- [What you should do]: What follows is a set of records, each of which is to be written out exactly.

[Stored data entries]
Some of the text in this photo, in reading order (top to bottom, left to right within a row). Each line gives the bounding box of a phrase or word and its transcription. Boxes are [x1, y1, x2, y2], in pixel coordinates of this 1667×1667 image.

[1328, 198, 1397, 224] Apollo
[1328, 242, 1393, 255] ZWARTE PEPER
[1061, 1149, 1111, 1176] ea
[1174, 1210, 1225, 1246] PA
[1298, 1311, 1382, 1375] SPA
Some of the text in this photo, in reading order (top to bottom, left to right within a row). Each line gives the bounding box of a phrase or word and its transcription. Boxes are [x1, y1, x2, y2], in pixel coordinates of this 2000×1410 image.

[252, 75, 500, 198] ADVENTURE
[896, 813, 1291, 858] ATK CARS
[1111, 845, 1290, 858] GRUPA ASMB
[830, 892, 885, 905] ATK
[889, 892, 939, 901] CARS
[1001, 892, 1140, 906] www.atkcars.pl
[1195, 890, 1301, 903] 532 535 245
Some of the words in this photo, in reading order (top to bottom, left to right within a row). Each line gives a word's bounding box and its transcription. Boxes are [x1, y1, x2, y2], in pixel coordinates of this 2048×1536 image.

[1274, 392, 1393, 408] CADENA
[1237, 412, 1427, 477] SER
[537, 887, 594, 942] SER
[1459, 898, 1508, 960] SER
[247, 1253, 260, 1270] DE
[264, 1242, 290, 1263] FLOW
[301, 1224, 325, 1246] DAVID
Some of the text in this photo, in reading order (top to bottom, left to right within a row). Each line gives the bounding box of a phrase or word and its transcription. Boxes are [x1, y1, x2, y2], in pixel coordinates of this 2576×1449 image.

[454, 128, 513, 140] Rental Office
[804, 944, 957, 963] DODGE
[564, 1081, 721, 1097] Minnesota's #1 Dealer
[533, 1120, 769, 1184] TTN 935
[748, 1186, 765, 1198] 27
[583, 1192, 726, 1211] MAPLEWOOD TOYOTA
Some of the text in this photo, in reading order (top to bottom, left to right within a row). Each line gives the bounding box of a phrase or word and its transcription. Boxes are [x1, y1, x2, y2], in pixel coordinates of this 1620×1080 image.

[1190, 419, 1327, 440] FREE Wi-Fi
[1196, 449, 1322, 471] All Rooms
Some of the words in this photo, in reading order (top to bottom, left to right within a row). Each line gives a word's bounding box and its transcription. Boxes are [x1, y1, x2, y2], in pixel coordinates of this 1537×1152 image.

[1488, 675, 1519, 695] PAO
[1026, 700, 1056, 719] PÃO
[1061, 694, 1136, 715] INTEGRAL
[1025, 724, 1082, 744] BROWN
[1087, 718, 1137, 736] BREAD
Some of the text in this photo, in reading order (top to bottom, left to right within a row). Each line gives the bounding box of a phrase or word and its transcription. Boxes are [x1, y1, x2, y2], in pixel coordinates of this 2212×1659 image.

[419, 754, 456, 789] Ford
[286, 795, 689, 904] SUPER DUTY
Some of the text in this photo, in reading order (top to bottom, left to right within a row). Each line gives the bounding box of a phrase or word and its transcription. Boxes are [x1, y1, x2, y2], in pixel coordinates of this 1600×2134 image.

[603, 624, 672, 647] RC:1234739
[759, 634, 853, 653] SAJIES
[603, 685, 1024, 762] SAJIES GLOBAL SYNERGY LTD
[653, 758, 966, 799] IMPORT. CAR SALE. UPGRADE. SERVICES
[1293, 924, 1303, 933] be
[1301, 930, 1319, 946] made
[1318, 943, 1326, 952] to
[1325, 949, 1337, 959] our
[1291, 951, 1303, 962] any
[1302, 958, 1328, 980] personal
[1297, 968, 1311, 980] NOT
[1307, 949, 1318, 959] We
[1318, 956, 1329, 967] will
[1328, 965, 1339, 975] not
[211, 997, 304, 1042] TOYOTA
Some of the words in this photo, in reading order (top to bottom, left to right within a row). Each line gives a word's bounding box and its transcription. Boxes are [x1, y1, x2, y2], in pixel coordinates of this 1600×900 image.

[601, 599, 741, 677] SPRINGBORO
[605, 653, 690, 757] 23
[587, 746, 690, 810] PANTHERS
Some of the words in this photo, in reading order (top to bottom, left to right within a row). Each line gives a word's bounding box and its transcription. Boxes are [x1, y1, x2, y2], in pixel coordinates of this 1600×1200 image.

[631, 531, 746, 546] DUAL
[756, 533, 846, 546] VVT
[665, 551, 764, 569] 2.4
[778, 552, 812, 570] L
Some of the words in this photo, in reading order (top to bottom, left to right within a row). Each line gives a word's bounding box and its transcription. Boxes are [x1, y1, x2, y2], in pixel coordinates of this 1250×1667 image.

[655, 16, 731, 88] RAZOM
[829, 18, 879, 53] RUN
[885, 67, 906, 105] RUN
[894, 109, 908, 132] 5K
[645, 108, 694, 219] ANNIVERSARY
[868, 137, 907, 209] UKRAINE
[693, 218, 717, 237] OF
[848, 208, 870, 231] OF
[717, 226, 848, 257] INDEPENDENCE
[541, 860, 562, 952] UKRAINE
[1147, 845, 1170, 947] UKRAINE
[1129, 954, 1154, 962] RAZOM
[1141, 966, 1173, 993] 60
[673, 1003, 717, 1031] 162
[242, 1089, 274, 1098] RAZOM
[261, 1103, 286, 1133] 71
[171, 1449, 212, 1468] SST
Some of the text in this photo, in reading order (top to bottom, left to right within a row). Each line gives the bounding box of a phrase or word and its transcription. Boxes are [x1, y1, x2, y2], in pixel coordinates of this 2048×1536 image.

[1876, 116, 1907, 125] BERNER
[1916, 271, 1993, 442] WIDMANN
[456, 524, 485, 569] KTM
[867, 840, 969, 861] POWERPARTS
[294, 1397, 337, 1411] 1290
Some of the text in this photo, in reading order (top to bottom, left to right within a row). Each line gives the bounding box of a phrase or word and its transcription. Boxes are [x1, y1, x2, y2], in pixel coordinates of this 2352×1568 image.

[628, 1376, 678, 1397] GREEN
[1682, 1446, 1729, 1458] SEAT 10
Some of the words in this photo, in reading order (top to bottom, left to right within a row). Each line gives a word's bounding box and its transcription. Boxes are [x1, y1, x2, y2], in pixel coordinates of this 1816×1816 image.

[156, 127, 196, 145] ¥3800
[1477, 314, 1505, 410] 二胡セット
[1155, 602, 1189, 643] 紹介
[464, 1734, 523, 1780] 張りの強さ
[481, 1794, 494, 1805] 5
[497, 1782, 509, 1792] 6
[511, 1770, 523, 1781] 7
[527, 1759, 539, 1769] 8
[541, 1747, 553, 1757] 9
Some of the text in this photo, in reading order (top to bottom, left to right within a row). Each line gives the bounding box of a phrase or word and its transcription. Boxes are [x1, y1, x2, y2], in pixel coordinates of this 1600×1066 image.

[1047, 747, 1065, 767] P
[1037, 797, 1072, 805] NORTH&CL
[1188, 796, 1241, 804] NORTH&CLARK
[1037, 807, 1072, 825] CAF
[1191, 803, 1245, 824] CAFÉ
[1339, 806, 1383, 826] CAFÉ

- [Response below]:
Some of the text in this photo, in reading order (top to bottom, left to right within a row). Each line gives the bounding box of a phrase or word and its transcription. Boxes are [x1, y1, x2, y2], in pixel coordinates of this 1667×1667 image.

[1328, 198, 1397, 224] Apollo
[1328, 242, 1393, 255] ZWARTE PEPER
[1061, 1149, 1111, 1176] ea
[1174, 1210, 1225, 1246] PA
[1298, 1311, 1382, 1375] SPA
Some of the text in this photo, in reading order (top to bottom, left to right within a row). Each line gives the bounding box of a phrase or word and its transcription. Boxes are [x1, y1, x2, y2], in pixel coordinates of this 2000×1410 image.

[252, 75, 500, 198] ADVENTURE
[896, 813, 1291, 858] ATK CARS
[1111, 845, 1290, 858] GRUPA ASMB
[830, 892, 885, 905] ATK
[889, 892, 939, 901] CARS
[1001, 892, 1140, 906] www.atkcars.pl
[1195, 890, 1301, 903] 532 535 245
Some of the words in this photo, in reading order (top to bottom, left to right within a row). Each line gives a word's bounding box and its transcription. Boxes are [x1, y1, x2, y2], in pixel coordinates of this 2048×1536 image.

[1274, 392, 1393, 408] CADENA
[1237, 412, 1427, 477] SER
[537, 887, 594, 942] SER
[1459, 898, 1508, 960] SER
[247, 1253, 260, 1270] DE
[264, 1242, 290, 1263] FLOW
[301, 1224, 325, 1246] DAVID
Some of the text in this photo, in reading order (top to bottom, left to right within a row). Each line gives the bounding box of a phrase or word and its transcription. Boxes are [x1, y1, x2, y2], in pixel coordinates of this 2576×1449 image.

[454, 128, 513, 140] Rental Office
[804, 944, 957, 963] DODGE
[564, 1081, 721, 1097] Minnesota's #1 Dealer
[533, 1120, 769, 1184] TTN 935
[748, 1186, 765, 1198] 27
[583, 1192, 726, 1211] MAPLEWOOD TOYOTA
Some of the text in this photo, in reading order (top to bottom, left to right within a row). Each line gives the bounding box of a phrase or word and its transcription. Boxes are [x1, y1, x2, y2], in pixel coordinates of this 1620×1080 image.

[1190, 419, 1327, 440] FREE Wi-Fi
[1196, 449, 1322, 471] All Rooms
Some of the words in this photo, in reading order (top to bottom, left to right within a row). Each line gives a word's bounding box and its transcription. Boxes are [x1, y1, x2, y2], in pixel coordinates of this 1537×1152 image.

[1488, 675, 1519, 695] PAO
[1026, 700, 1056, 719] PÃO
[1061, 694, 1136, 715] INTEGRAL
[1025, 724, 1082, 744] BROWN
[1087, 718, 1137, 736] BREAD
Some of the text in this photo, in reading order (top to bottom, left to right within a row). Each line gives the bounding box of a phrase or word and its transcription. Boxes are [x1, y1, x2, y2], in pixel coordinates of this 2212×1659 image.

[419, 754, 456, 789] Ford
[286, 795, 689, 904] SUPER DUTY
Some of the text in this photo, in reading order (top to bottom, left to right within a row). Each line gives the bounding box of a phrase or word and its transcription. Boxes are [x1, y1, x2, y2], in pixel coordinates of this 1600×2134 image.

[603, 624, 672, 647] RC:1234739
[759, 634, 853, 653] SAJIES
[603, 685, 1024, 762] SAJIES GLOBAL SYNERGY LTD
[653, 758, 966, 799] IMPORT. CAR SALE. UPGRADE. SERVICES
[1293, 924, 1303, 933] be
[1301, 930, 1319, 946] made
[1318, 943, 1326, 952] to
[1325, 949, 1337, 959] our
[1291, 951, 1303, 962] any
[1302, 958, 1328, 980] personal
[1297, 968, 1311, 980] NOT
[1307, 949, 1318, 959] We
[1318, 956, 1329, 967] will
[1328, 965, 1339, 975] not
[211, 997, 304, 1042] TOYOTA
Some of the words in this photo, in reading order (top to bottom, left to right within a row). Each line gives a word's bounding box and its transcription. Boxes are [x1, y1, x2, y2], in pixel coordinates of this 1600×900 image.

[601, 599, 741, 677] SPRINGBORO
[605, 653, 690, 757] 23
[587, 746, 690, 810] PANTHERS
Some of the words in this photo, in reading order (top to bottom, left to right within a row). Each line gives a word's bounding box and its transcription. Boxes are [x1, y1, x2, y2], in pixel coordinates of this 1600×1200 image.

[631, 531, 746, 546] DUAL
[756, 533, 846, 546] VVT
[665, 551, 764, 569] 2.4
[778, 552, 812, 570] L
Some of the words in this photo, in reading order (top to bottom, left to right within a row). Each line gives a word's bounding box and its transcription. Boxes are [x1, y1, x2, y2], in pixel coordinates of this 1250×1667 image.

[655, 16, 731, 88] RAZOM
[829, 18, 879, 53] RUN
[885, 67, 906, 105] RUN
[894, 109, 908, 132] 5K
[645, 108, 694, 219] ANNIVERSARY
[868, 137, 907, 209] UKRAINE
[693, 218, 717, 237] OF
[848, 208, 870, 231] OF
[717, 226, 848, 257] INDEPENDENCE
[541, 860, 562, 952] UKRAINE
[1147, 845, 1170, 947] UKRAINE
[1129, 954, 1154, 962] RAZOM
[1141, 966, 1173, 993] 60
[673, 1003, 717, 1031] 162
[242, 1089, 274, 1098] RAZOM
[261, 1103, 286, 1133] 71
[171, 1449, 212, 1468] SST
Some of the text in this photo, in reading order (top to bottom, left to right within a row). Each line gives the bounding box of a phrase or word and its transcription. Boxes are [x1, y1, x2, y2], in pixel coordinates of this 2048×1536 image.

[1876, 116, 1907, 125] BERNER
[1916, 271, 1993, 442] WIDMANN
[456, 524, 485, 569] KTM
[867, 840, 969, 861] POWERPARTS
[294, 1397, 337, 1411] 1290
Some of the text in this photo, in reading order (top to bottom, left to right within a row). Each line gives the bounding box of a phrase or word and its transcription. Boxes are [x1, y1, x2, y2], in pixel coordinates of this 2352×1568 image.

[628, 1376, 678, 1397] GREEN
[1682, 1446, 1729, 1458] SEAT 10
Some of the words in this photo, in reading order (top to bottom, left to right within a row). Each line gives a word's bounding box and its transcription. Boxes are [x1, y1, x2, y2], in pixel coordinates of this 1816×1816 image.

[156, 127, 196, 145] ¥3800
[1477, 314, 1505, 410] 二胡セット
[1155, 602, 1189, 643] 紹介
[464, 1734, 523, 1780] 張りの強さ
[481, 1794, 494, 1805] 5
[497, 1782, 509, 1792] 6
[511, 1770, 523, 1781] 7
[527, 1759, 539, 1769] 8
[541, 1747, 553, 1757] 9
Some of the text in this photo, in reading order (top to bottom, left to right within a row). Each line gives the bounding box of a phrase or word and its transcription. Boxes are [x1, y1, x2, y2], in pixel coordinates of this 1600×1066 image.

[1047, 747, 1065, 767] P
[1037, 797, 1072, 805] NORTH&CL
[1188, 796, 1241, 804] NORTH&CLARK
[1037, 807, 1072, 825] CAF
[1191, 803, 1245, 824] CAFÉ
[1339, 806, 1383, 826] CAFÉ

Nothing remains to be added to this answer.